| |
| |
| |
Dertiende hoofdstuk.
Waarin ik in eene kornet verdwijn en het Negenvoudig Verbond eene verrassende ontmoeting heeft. Wij dineeren kostelijk en oude Hanna hoort bijzonder goed. Gerrit krijgt een welverdiend pluimpje van haar en wij besluiten, de terugreis te aanvaarden.
De kellner ging ons voor naar de restauratiezaal, waarvan hij de deur voor ons opende. Ik was de eerste, die binnenkwam. Wie beschrijft echter mijne verbazing, toen ik daar werkelijk bijna tegen de oude Hanna aanliep, die bij mijne verschijning een doordringenden kreet slaakte, hare armen van vreugde of verrassing, dat kon ik niet uitmaken, ten hemel hief, en luidkeels gilde:
‘Juffrouw Dora! Mevrouw! Daar is hij! Daar is Dorus! Ik heb hem! Ik heb hem!’
Dat had ze inderdaad, want ze ijlde op mij toe, sloeg mij hare armen om den hals en begroef mijn gelaat zoo diep in hare kornet, dat het mij moeite kostte, om het er weer uit los te maken. Ik geloof wel, dat ze mij met kussen als het ware overstelpte, maar ik weet het niet zeker, want ik vond het in mijne nieuwe positie zoo benauwd, dat ik bijna stikte. En de goede, oude ziel hield niet op, mij aan haar hart te drukken. Ik meen ook zeker te weten, dat zij vreugdetranen schreide, althans mijn gelaat werd er vochtig van, dat herinnerde ik mij later wel.
| |
| |
Toen ik mij eindelijk uit hare omarming had losgemaakt, was het mij, alsof er iets wonderlijks om mij heen gebeurde, want daar vloog mijne goede, lieve Moeder op mij toe en omarmde mij in de grootste ontroering, en tegelijkertijd voelde ik mijne hand grijpen en krachtig drukken. Later, toen ook Moe mij had losgelaten, zag ik, dat het mijn Vader was, die mijne hand vasthield.

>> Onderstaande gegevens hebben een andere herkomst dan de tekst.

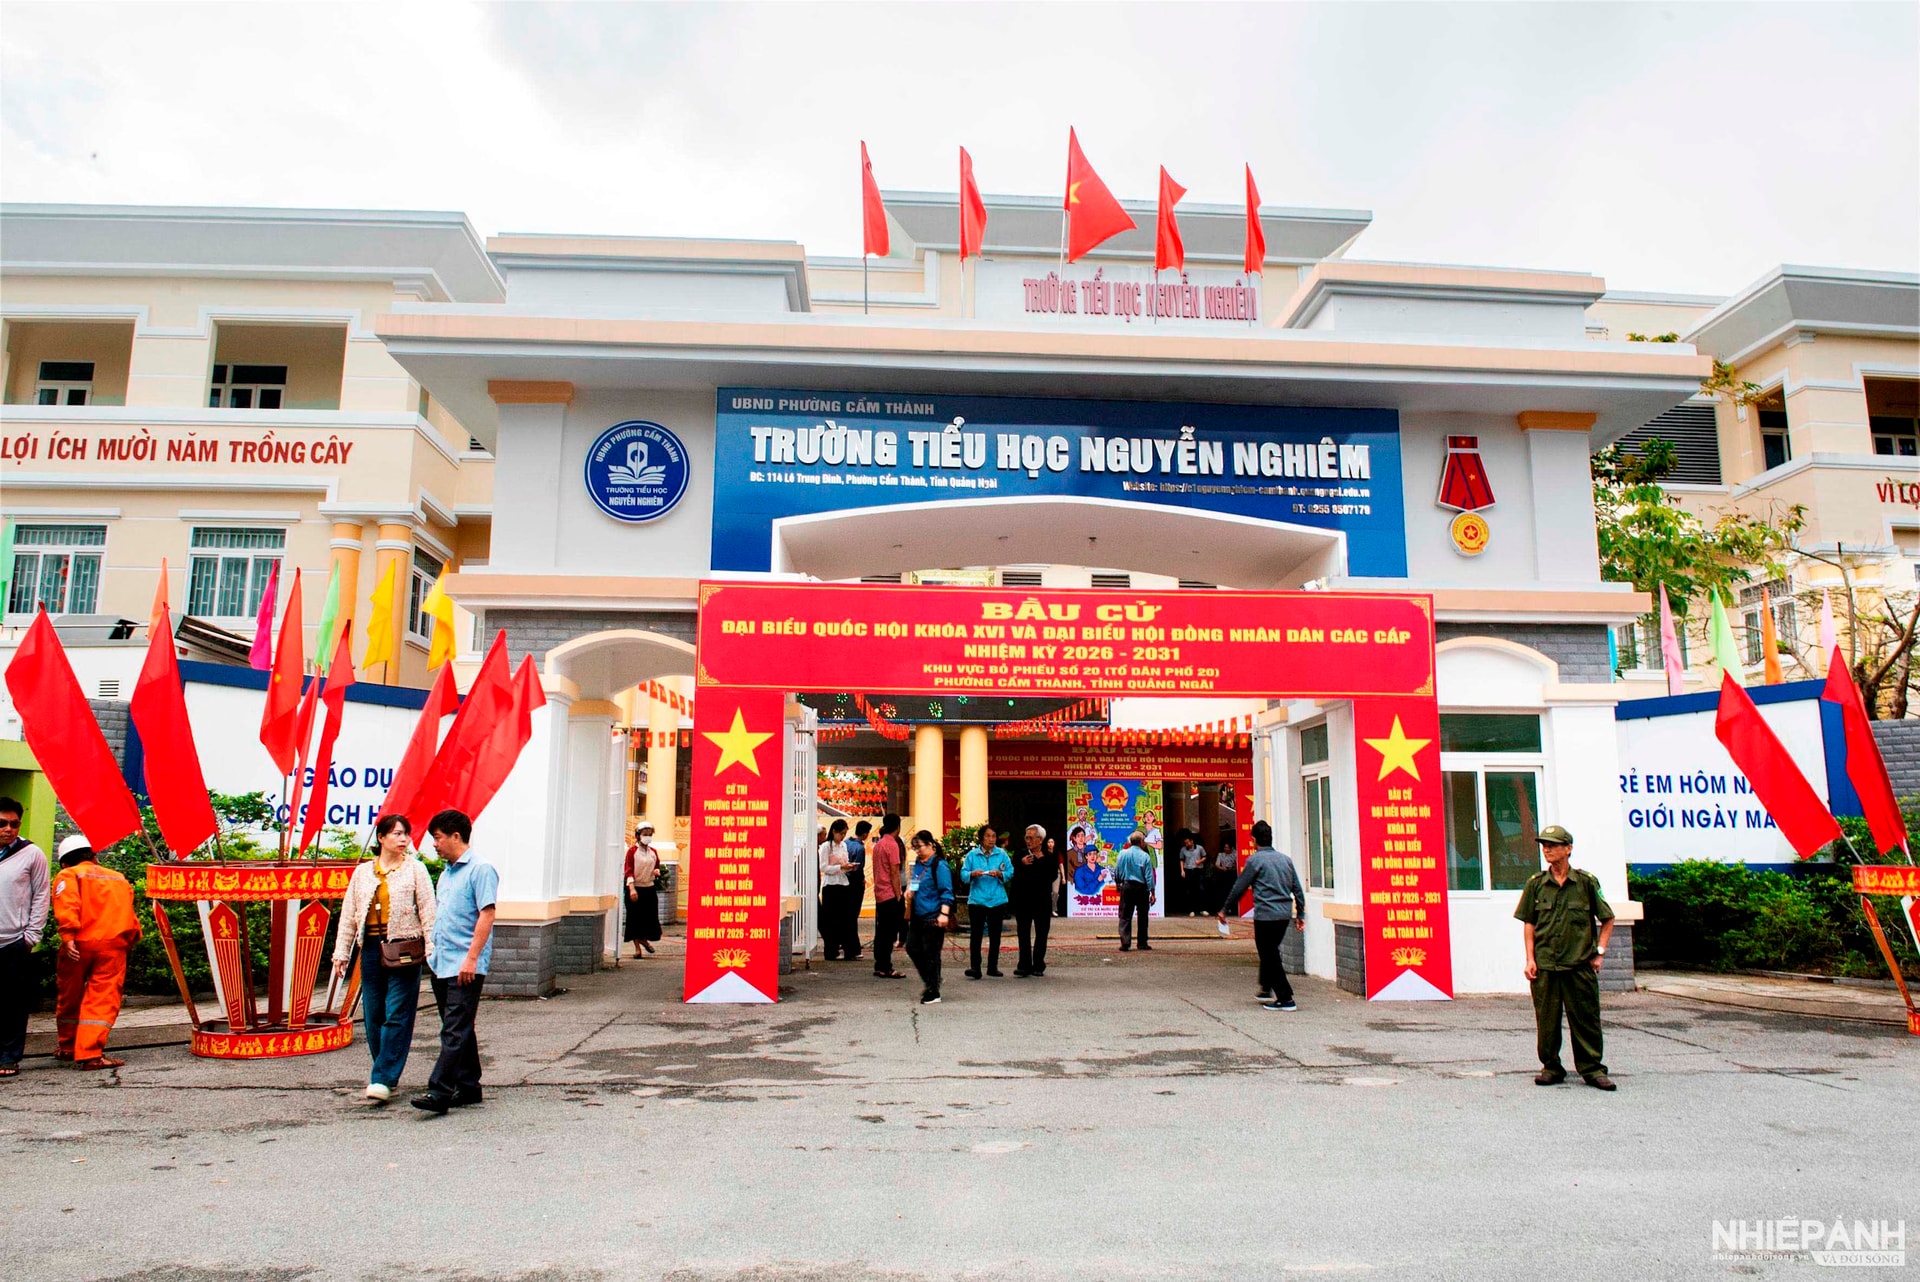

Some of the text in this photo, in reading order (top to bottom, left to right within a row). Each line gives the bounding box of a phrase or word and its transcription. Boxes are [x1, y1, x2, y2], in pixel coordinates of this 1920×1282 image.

[1023, 266, 1256, 322] TRƯỜNG TIỂU HỌC NGUYỄN NGHIÊM
[732, 396, 934, 415] UBND PHƯỜNG CẨM THÀNH
[1, 428, 354, 465] LỢI ÍCH MƯỜI NĂM TRỒNG CÂY
[595, 441, 612, 463] UBND
[751, 416, 1371, 479] TRƯỜNG TIỂU HỌC NGUYỄN NGHIÊM
[606, 485, 668, 495] TRƯỜNG TIỂU HỌC
[750, 472, 765, 482] ĐC:
[767, 473, 783, 483] 114
[796, 473, 820, 485] Trung
[845, 474, 878, 486] Phường
[879, 473, 898, 486] Cẩm
[899, 475, 928, 488] Thành,
[930, 474, 948, 487] Tỉnh
[950, 476, 977, 489] Quảng
[1123, 481, 1157, 492] Website:
[609, 494, 664, 506] NGUYỄN NGHIÊM
[1876, 476, 1920, 510] VÌ LỢ
[981, 597, 1162, 622] BẦU CỬ
[721, 617, 1411, 644] ĐẠI BIỂU QUỐC HỘI KHÓA XVI VÀ ĐẠI BIỂU HỘI ĐỒNG NHÂN DÂN CÁC CẤP
[964, 643, 1026, 660] NHIỆM
[1032, 644, 1057, 660] KỲ
[1063, 646, 1114, 660] 2026
[1133, 646, 1180, 661] 2031
[923, 663, 1220, 678] KHU VỰC BỎ PHIẾU SỐ 20 (TỔ DÂN PHỐ 20)
[934, 676, 993, 687] PHƯỜNG
[998, 676, 1031, 687] CẨM
[1091, 677, 1122, 688] TỈNH
[1127, 679, 1176, 690] QUẢNG
[1180, 680, 1214, 690] NGÃI
[364, 767, 393, 793] DỤ
[1619, 767, 1639, 793] RẺ
[1646, 775, 1672, 794] EM
[1680, 770, 1726, 794] HÔM
[1629, 802, 1776, 828] GIỚI NGÀY MA
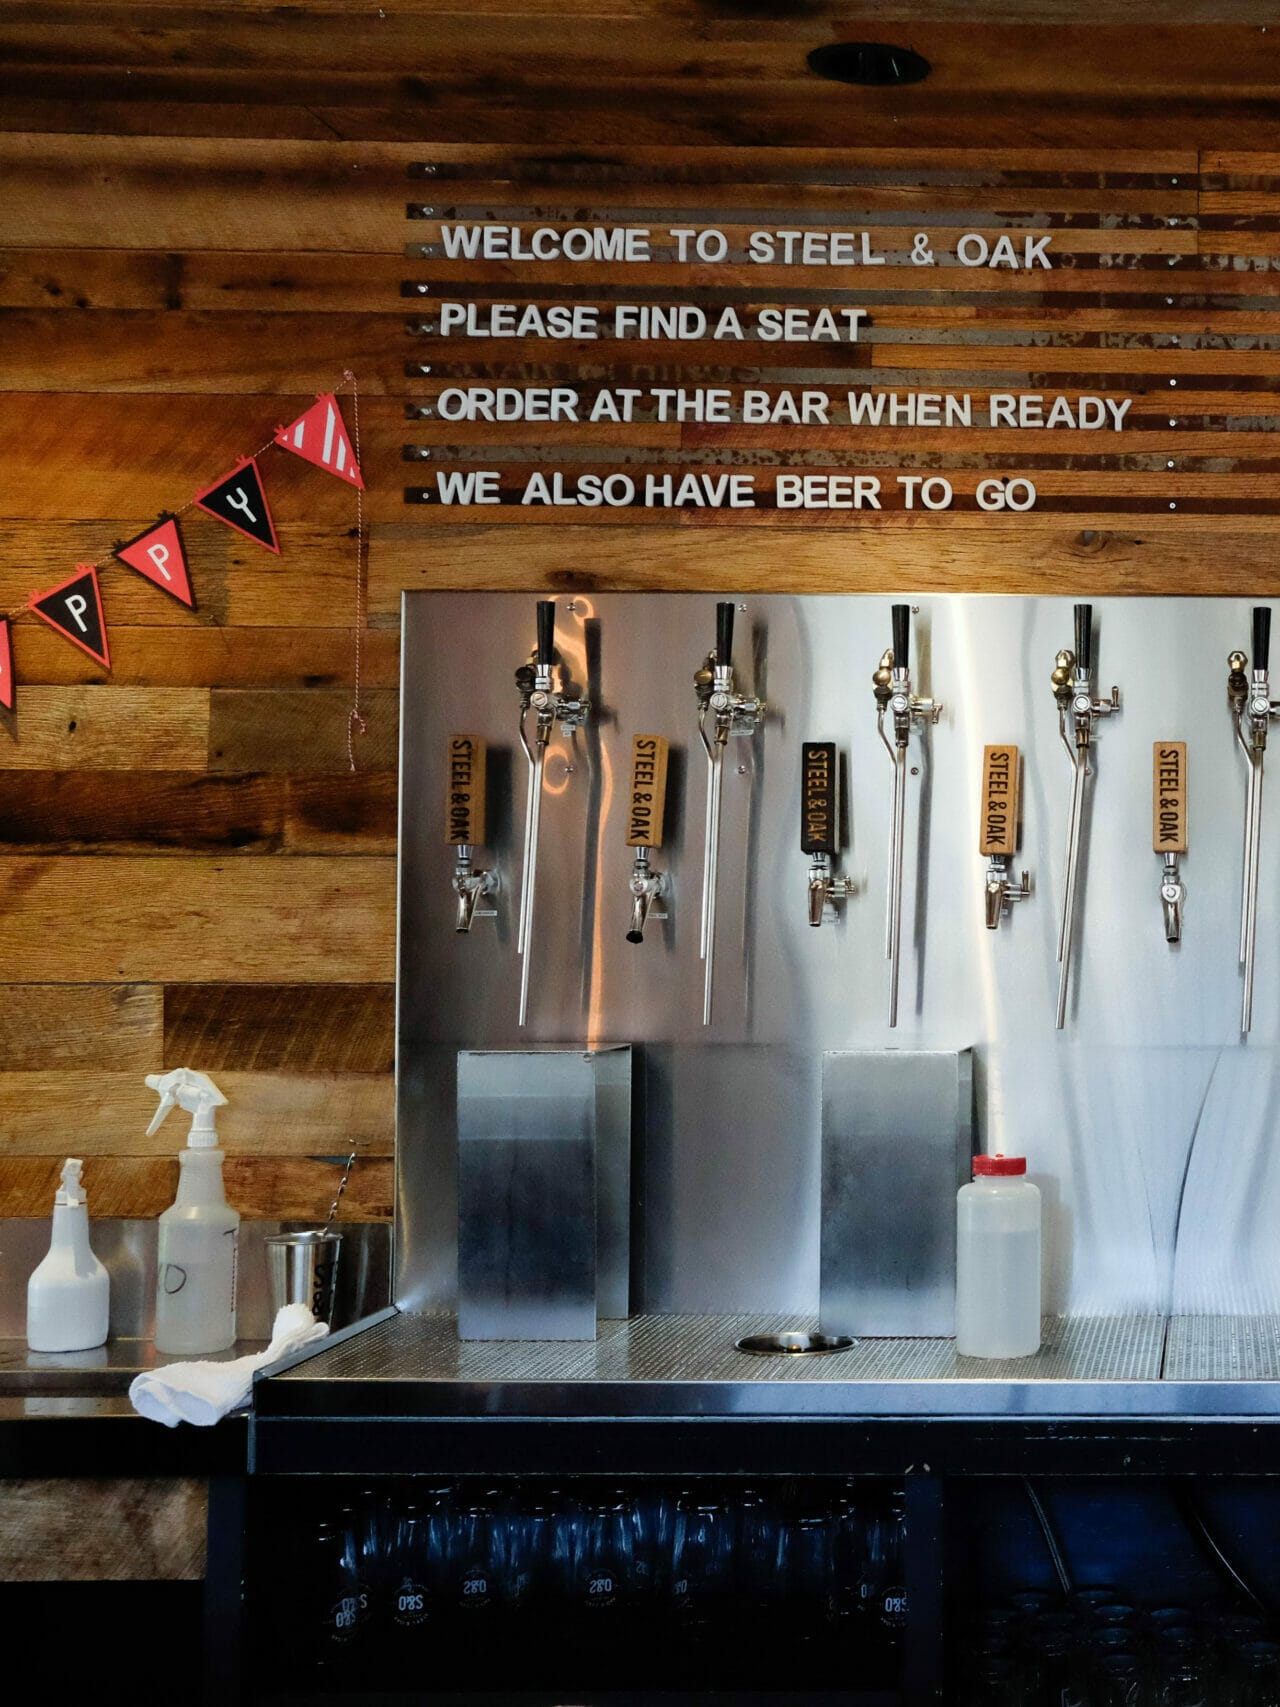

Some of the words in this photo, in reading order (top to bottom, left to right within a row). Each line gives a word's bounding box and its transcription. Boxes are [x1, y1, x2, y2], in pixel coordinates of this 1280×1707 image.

[441, 225, 650, 262] WELCOME
[670, 229, 728, 263] TO
[749, 231, 886, 266] STEEL
[910, 233, 935, 267] &
[957, 233, 1053, 270] OAK
[440, 303, 600, 340] PLEASE
[615, 305, 706, 340] FIND
[713, 307, 745, 341] A
[757, 308, 868, 343] SEAT
[437, 387, 579, 423] ORDER
[589, 388, 642, 423] AT
[650, 388, 731, 424] THE
[743, 389, 830, 425] BAR
[848, 391, 972, 428] WHEN
[990, 393, 1133, 432] READY
[225, 486, 257, 523] Y
[436, 470, 501, 506] WE
[521, 471, 636, 507] ALSO
[645, 473, 756, 509] HAVE
[776, 474, 883, 510] BEER
[896, 475, 953, 511] TO
[975, 477, 1037, 513] GO
[146, 543, 172, 581] P
[64, 594, 88, 633] P
[451, 739, 472, 789] STEEL
[633, 739, 656, 789] STEEL
[807, 750, 828, 796] STEEL
[988, 752, 1009, 798] STEEL
[1159, 749, 1179, 796] STEEL
[451, 792, 471, 805] &
[632, 791, 653, 804] &
[807, 799, 827, 809] &
[987, 801, 1007, 812] &
[1159, 798, 1179, 809] &
[450, 805, 470, 841] OAK
[629, 805, 651, 840] OAK
[807, 812, 827, 842] OAK
[986, 814, 1007, 846] OAK
[1159, 812, 1179, 843] OAK

‘Dorus! Goddank, dat ik je terug heb!’ snikte mijne Moe, en zij kon mij niet genoeg aankijken en streelde mijne haren en mijne wangen, en zij zag bleek van blijdschap, en zij begon te schreien en te lachen tegelijk.
En rondom mij was een groot gedruisch en hoorde ik allerlei stemmen.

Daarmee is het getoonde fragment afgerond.